The cost of that lab-grown meat at the time was a daunting $18,000 per pound. More recently, Memphis Meats offered up two poultry creations: a “Southern Fried Chicken”—with a candy-orange swirl of sauce and a cilantro sprig that belied its non-Southern origins; and duck à l’orange. With the chicken coming in at $9,000 per pound, price is clearly still a barrier. But the company reportedly hopes to have their products on store shelves by 2021.

Despite the moniker, Memphis Meats is based not in Shelby County, Tennessee, but in Silicon Valley. “We love the meat-loving culture of Memphis; it’s an iconic place,” Valeti told the Commercial Appeal in 2016. “There’s an association with good meat.”

Their actual association with Bluff City appears to continue in name only: Co-founder Will Clem—a tissue scientist and owner of Baby Jacks BBQ, which for a time dedicated blank menu space to possible future clean meat dishes—no longer appears on the company’s website. Similarly, a reference to having “one foot in San Francisco and the other in Memphis, Tennessee” has been removed from the “Our Story” page—though it does still mention “combining the innovative spirit of Silicon Valley and the rich food traditions of the American south [sic].” (Memphis Meats declined multiple interview requests for this article, and a company representative did not respond to a list of questions sent via email.)
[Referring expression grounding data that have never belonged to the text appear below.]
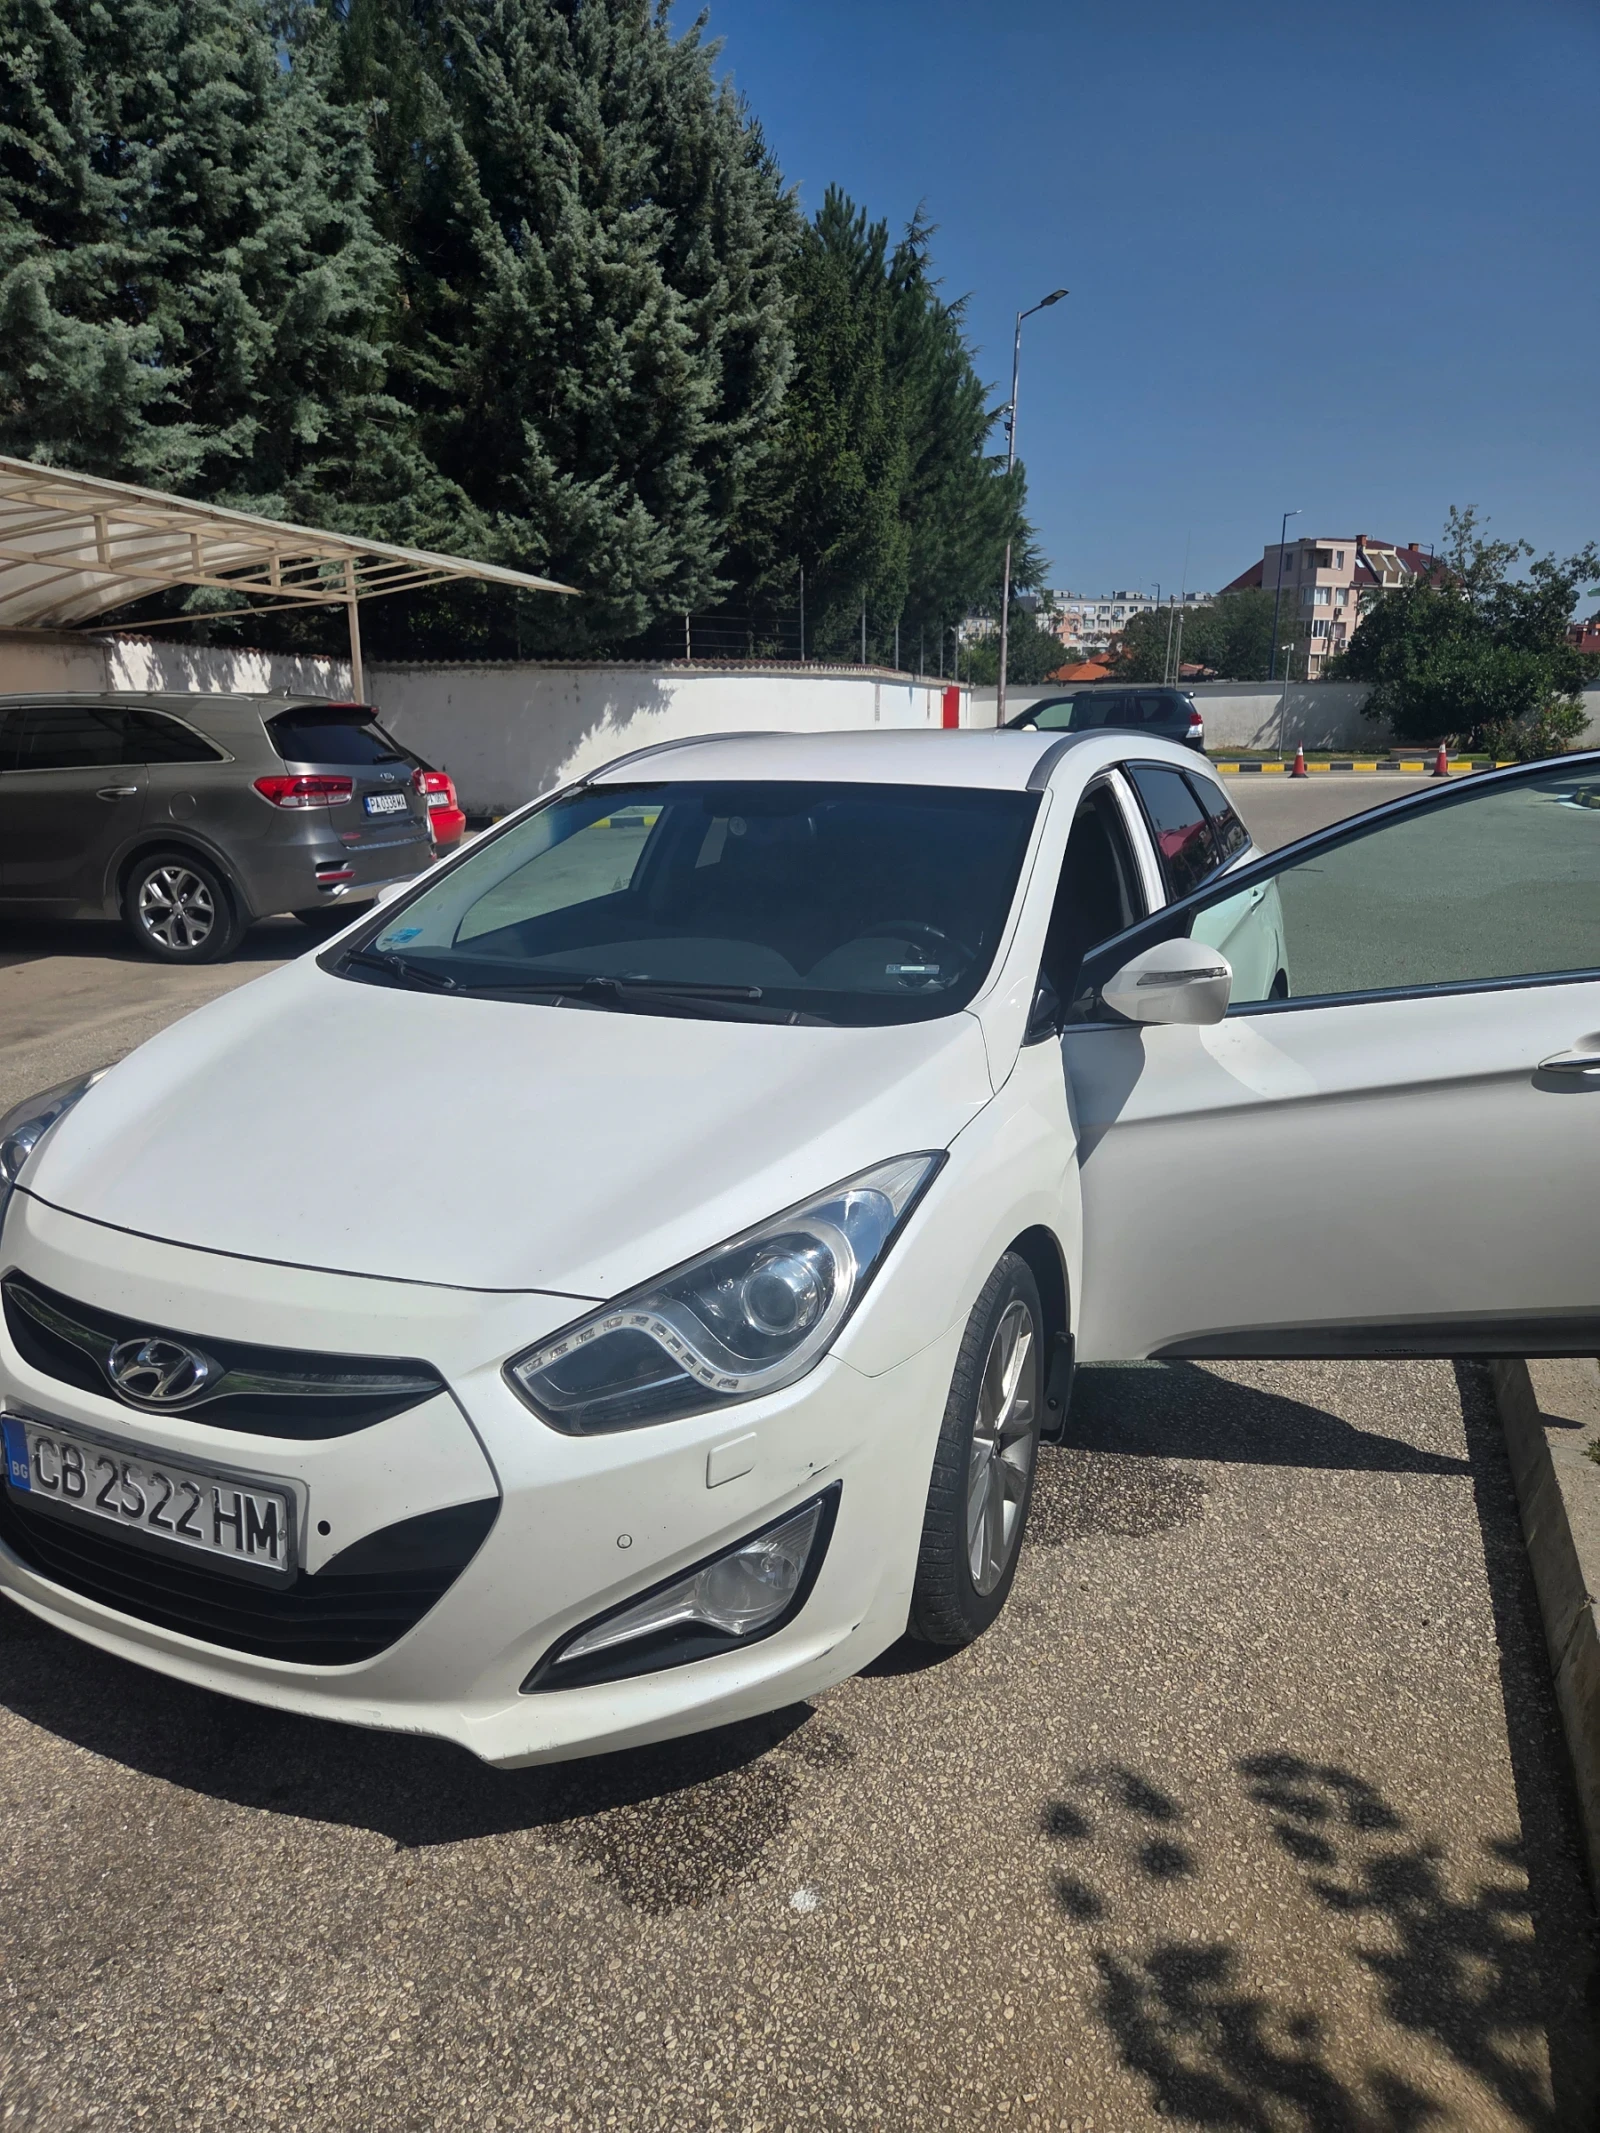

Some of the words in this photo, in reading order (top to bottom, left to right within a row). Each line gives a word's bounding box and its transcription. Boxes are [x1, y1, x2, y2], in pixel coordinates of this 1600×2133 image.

[370, 797, 381, 811] PA
[12, 1460, 28, 1478] BG
[34, 1437, 88, 1498] CB
[96, 1459, 204, 1540] 2522
[212, 1486, 280, 1561] HM
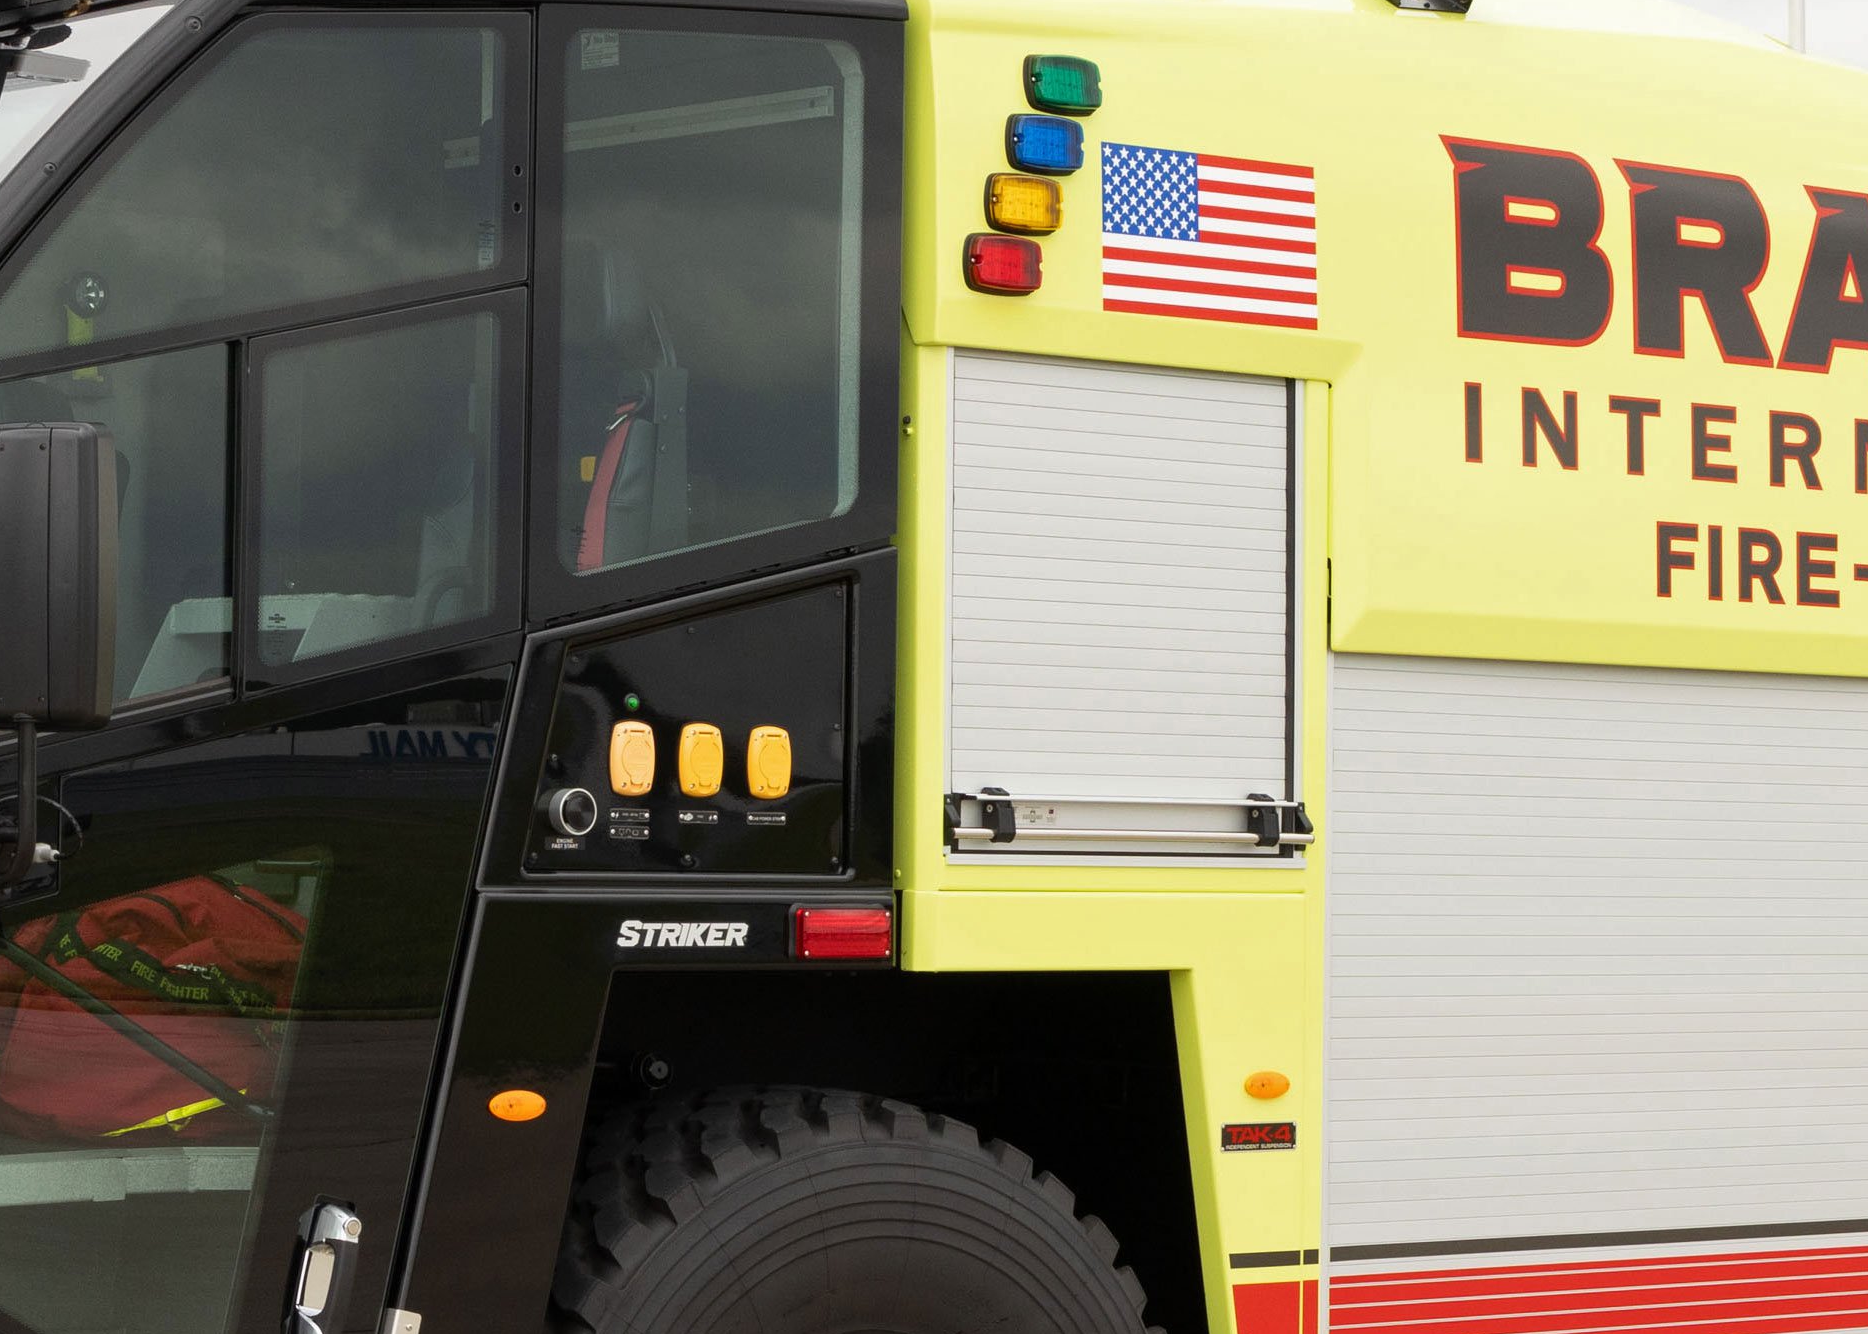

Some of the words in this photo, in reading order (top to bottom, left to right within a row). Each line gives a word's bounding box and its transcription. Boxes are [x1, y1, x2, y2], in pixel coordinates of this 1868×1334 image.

[616, 920, 748, 947] STRIKER
[130, 959, 157, 983] FIRE
[159, 977, 209, 1000] FIGHTER
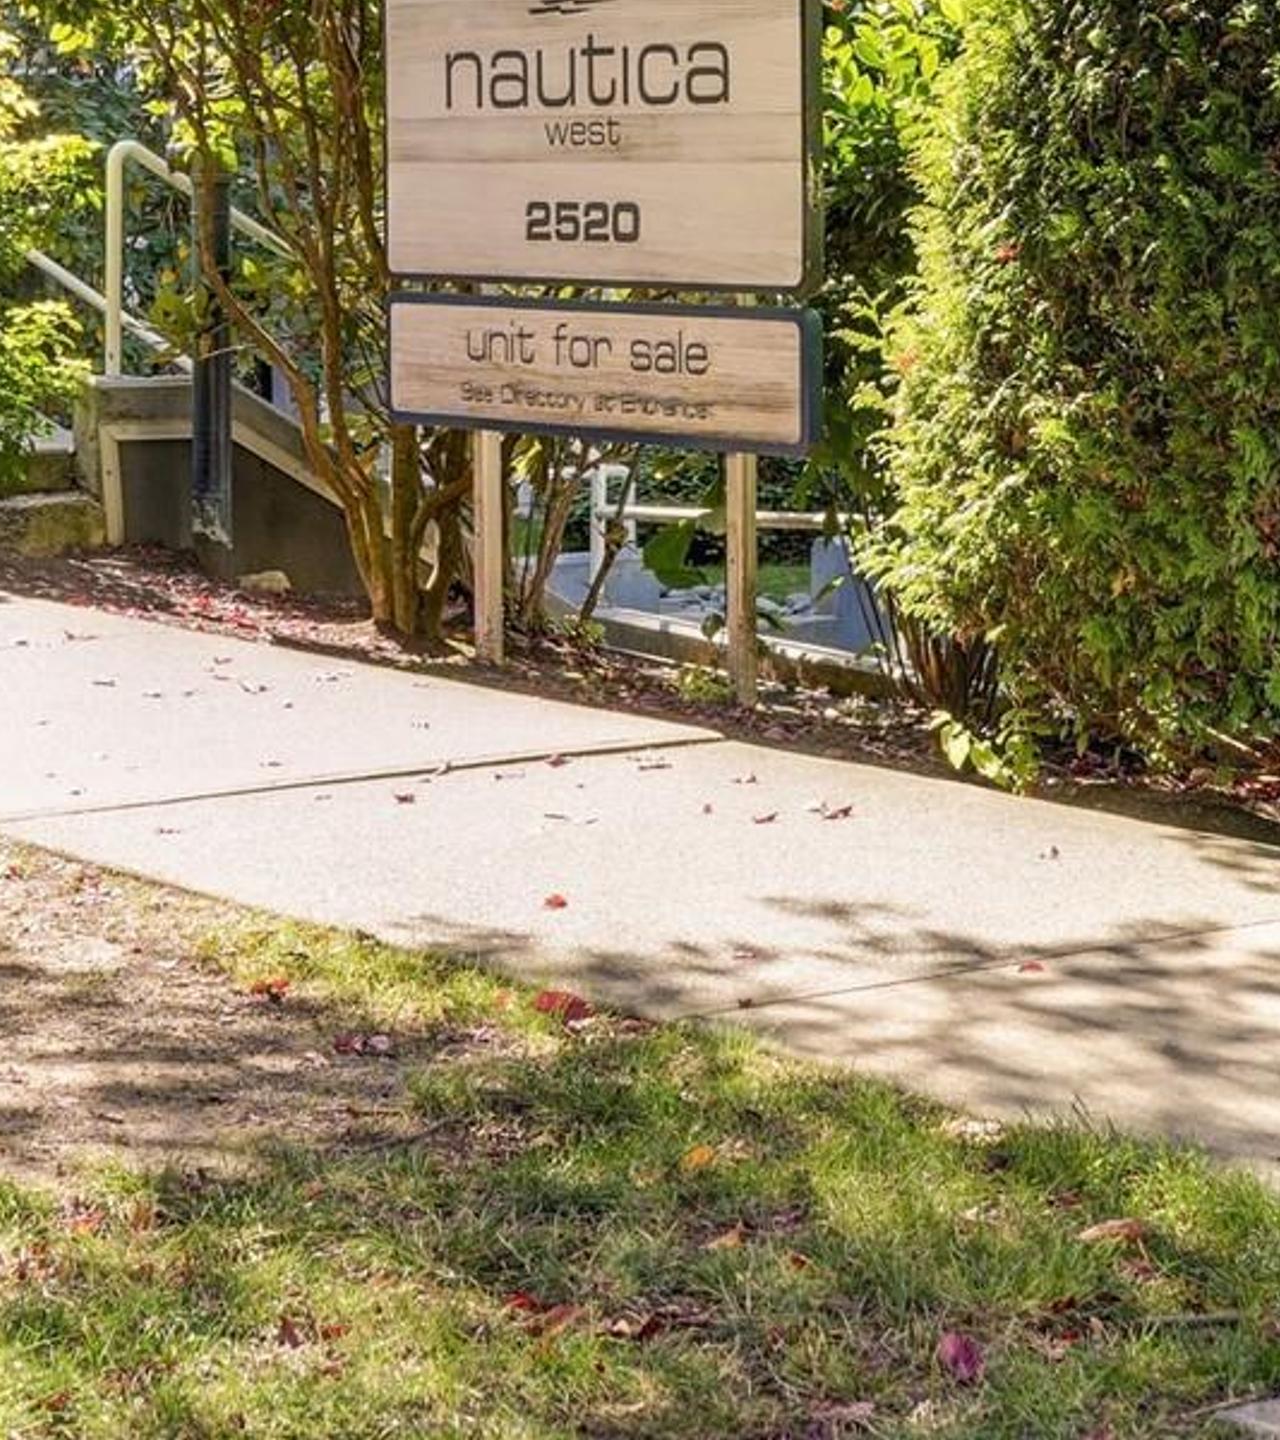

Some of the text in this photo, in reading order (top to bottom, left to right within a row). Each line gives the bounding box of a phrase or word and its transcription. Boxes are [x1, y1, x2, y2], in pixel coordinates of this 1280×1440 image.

[444, 33, 731, 109] nautica
[544, 116, 621, 146] west
[525, 201, 641, 243] 2520
[466, 320, 710, 376] unit for sale
With significant progress already under their belts and a recent $17 million fundraising round, they are widely considered to be the company best positioned to bring lab-grown meat to the consumer market. They count Bill Gates and Richard Branson among their financial backers. In January, the venture capital arm of Arkansas-based Tyson Foods invested, joining fellow agribusiness giant Cargill.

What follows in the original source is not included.